The weekend before last, we finally got some weather to go out with the camera. We were up quite early to reach our destination at a time before it would be crowded by morning joggers or other human visitors going on their roundtrip in this area. For wildlife photography, it’s important to have a calm surroundings to avoid disturbing the animals. We want to have them near to have a good sight. But, when noisy people are around, the noise will chase the animals into their hide or at least further away from the edges nears walking paths. In nature protection areas, it’s not allowed to leave the paths to give enough room for the animals (and plants) to live their life at our side.
A couple of years ago I was already there. Now, I came back with a better lens and much more luck 😊. I guess I’m going to show you a couple of more images in the next weeks taken at this northernmost free and wild flamingo colony.

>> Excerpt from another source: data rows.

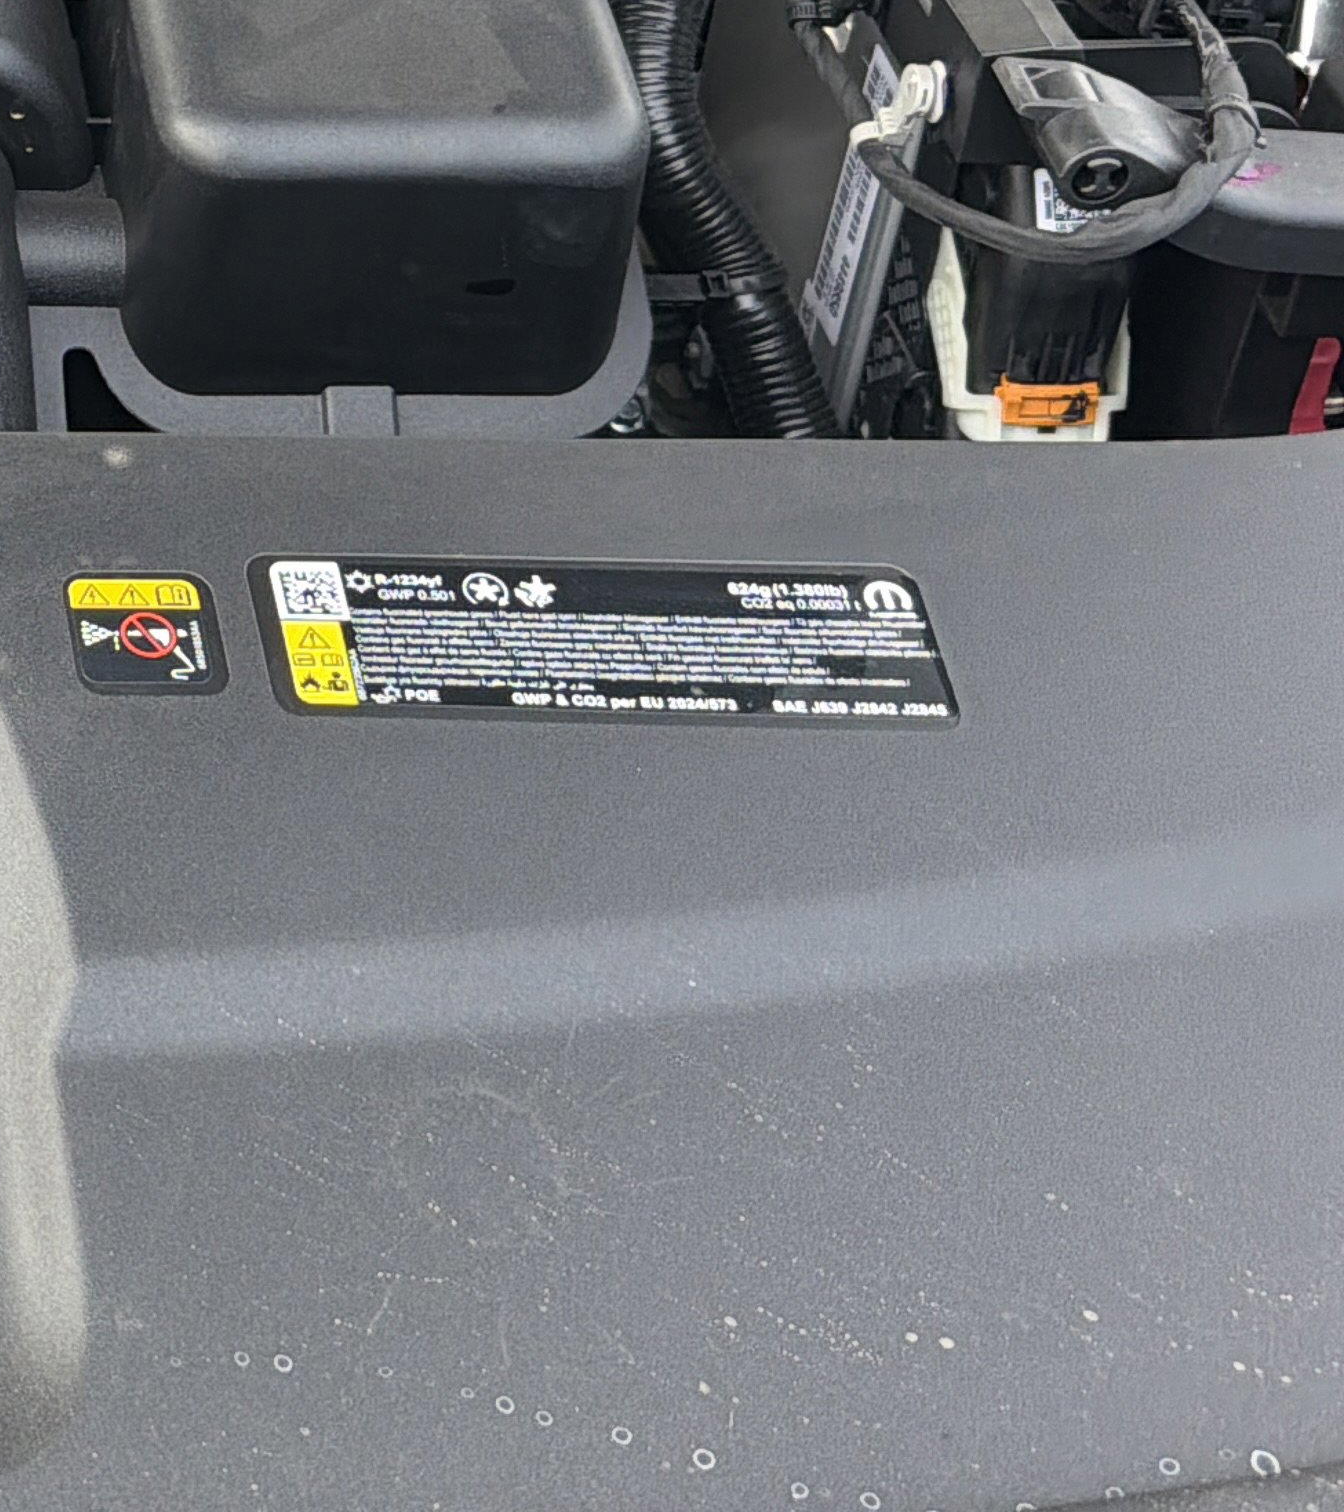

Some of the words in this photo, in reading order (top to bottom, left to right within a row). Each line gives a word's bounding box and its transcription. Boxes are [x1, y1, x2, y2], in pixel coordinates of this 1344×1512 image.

[403, 688, 441, 703] POE
[511, 691, 552, 706] GWP
[555, 692, 571, 707] &
[572, 693, 607, 708] CO2
[609, 697, 636, 712] per
[639, 695, 665, 709] EU
[772, 699, 808, 714] SAE

Remembering a trip to the ‘pink birds’, the wild flamingos, here in Germany
This morning, I got the short-term opportunity to go photographing wild flamingos.
Near the Dutch border some escaped flamingos found home a few decades ago. The first birds were seen here in 1970. Today, about 40 of these birds are living here, together with some geese, seagulls and other water birds. They even grow fledglings with some success. It’s the most northern breeding spot for them. You can find 3 species: Greater Flamingo (Phoenicopterus roseus / Rosaflamingo),American Flamingo (Phoenicopterus ruber / Kubaflamingo) und Chilean Flamingo (Phoenicopterus chilensis / Chileflamingo). A few single sights even named a forth one: Lesser Flamingo (Phoeniconaias minor / Zwergflamingo)
The birds stay here for the summer months. During winter, they migrate to southern Netherlands.
Despite the huge distance of about 130 km, I was at 8 a.m. on location. But, you can’t come near to the water. In three different places they have set up observing booths. In one of the places I was lucky enough to get a good image of 5 flamingos while doing their morning routing 🙂 I guess, these are Chilean Flamingos, but I’m not completely sure. The color of their knees would be the proof for my guess.
The above image is taken by using my 80-400 lens extend by an 2x teleconverter attached to my DX camera supported by a monopod and ISO 400, f11 (because of the converter). So, the result is like I’d have used a 1200mm on my full frame camera. Using such a long focal length brings some problems: you must have an extremely high shutter speed (but how to do with f11 and a weak sensor when having to use ISO higher than 400?). The monopod helps ab bit, but it’s still like playing lotto. Thus I’m very happy with the result.